A taste of heaven on earth

23 April 2015

1:00 PM

23 April 2015

1:00 PM

The supermarket chains are not always blameworthy. Their missionary efforts have helped to ensure that wine drinking in Britain is much less bedevilled by social anxiety than it used to be. There was a time when Mateus rosé, God help us, exploited that in its TV ads. The boss invited home for dinner: how could the husband navigate the social minefield of serving wine? Answer, Mateus rosé. How sad. If I am ever asked about wine by someone who professes to know nothing, I always make three points. First, trust your taste buds and your nose. If the wine smells like a car engine, there is something wrong — and not with your olfactory system. Second, if you are so inclined, there is a lot of enjoyment to be had from wine lore. Third, and above all, wine drinking is fun: nunc est bibendum. Solemnity and concentration should always be mingled with sensuality and revelry.

The Greeks and the Romans understood this, which their temple ceremonies reflected. So do Messrs Berry Bros. in their temple at the foot of St James’s Street, where they have been dispensing pleasure for more than 300 years. They were in business before the Union of 1707. They are also in considerably better shape. While half of Scotland wishes to turn its back on the world economy, Berry Bros. embraces it. Simon Berry described a recent tasting at which a sophisticated, self-confident Chinaman was being twitted by Brits who knew that he would be able to cope. He was. Spreading his arms in mock self-deprecation, he said: ‘This, from people who put milk in their tea.’

Berrys’ premises have a reverential aspect. In ‘Little Gidding’, T.S. Eliot writes of a place where prayer has been valid; where his own prayers blend with those of the reverend dead. Simon Berry’s dining room inspires a similar reflection. You are drinking where drink has been valid; the bottles of previous eras are displayed on the chimneypiece. It might be thought that such reminders of transience would induce melancholy, but this must be just about the least melancholy room in the world.

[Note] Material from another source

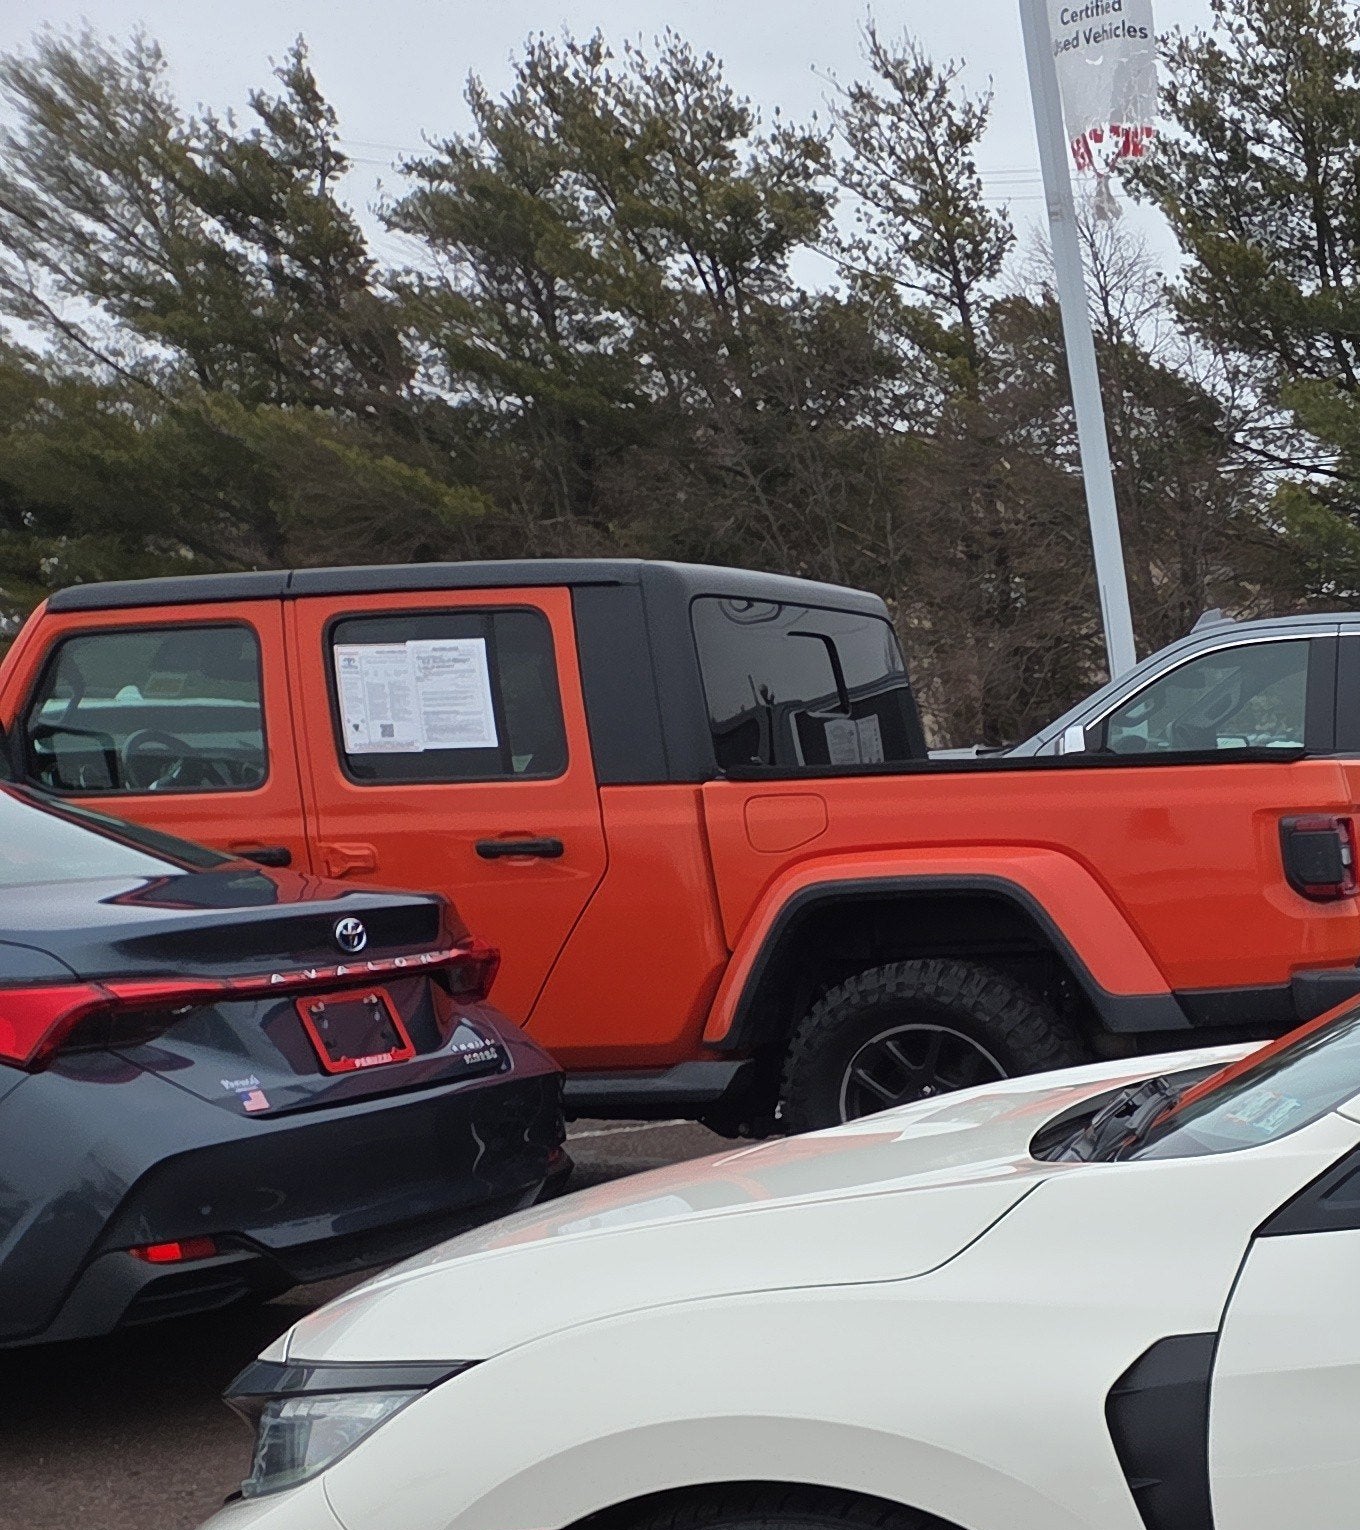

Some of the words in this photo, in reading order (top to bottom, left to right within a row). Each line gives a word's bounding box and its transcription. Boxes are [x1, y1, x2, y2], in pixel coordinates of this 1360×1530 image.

[1061, 0, 1122, 25] Certified
[1083, 20, 1148, 44] Vehicles
[271, 951, 434, 984] AVALON

It was a spring day, and we started with the ideal wine: a Champagne, Mailly Grand Cru L’Intemporelle 2008. It was as if spring had been bottled. There was a joyous freshness: larks, trout preparing for the mayfly, cherry blossom, the first wild flowers in the Swiss Alps. There was also subtlety, finesse and length: all in all, hard to surpass. We moved on to a Saint-Aubin 1er cru Murgers des Dents de Chien, produced by Jean-Claude Bachelet. Butter, hay, depth, a hint of sweetness; it was the best Saint-Aubin I have ever tasted — not far off good Puligny or Chassagne.

We then climbed beyond spring — or any season — towards glimpses of eternity. The first Bordeaux was a ’96 Cheval Blanc, the most left-bank of all the serious right-bank clarets. Combining flavour, complexity and, above all, a gracious power, it filled the mouth and delighted the palate. Yet it was only making straight the way.

One would need Wagner to orchestrate the fanfare of trumpets which the next wine deserved. 1945, with France in the shadow of war, it was as if Ste Clotilde, St Louis and Ste Jeanne d’Arc had implored the Eternal Throne to show mercy. The ’45 Bordeaux vintage was the answer to their petition. Simon served us the Latour ’45, the greatest wine I have ever drunk. A couple of days later, I met a Scottish aristocrat who has some in his cellar. In current circumstances, my advice was to move it to England lest a Scot-Nut jacquerie seize it for an Irn-Bru cocktail. If Scotland were to regain its sanity, there would be no need to do anything. This is a wine in the splendour of fighting-fit maturity.

Despairing of their current politics, one’s French friends will assert their faith in la France profonde. That Latour was la France profonde: la France éternelle.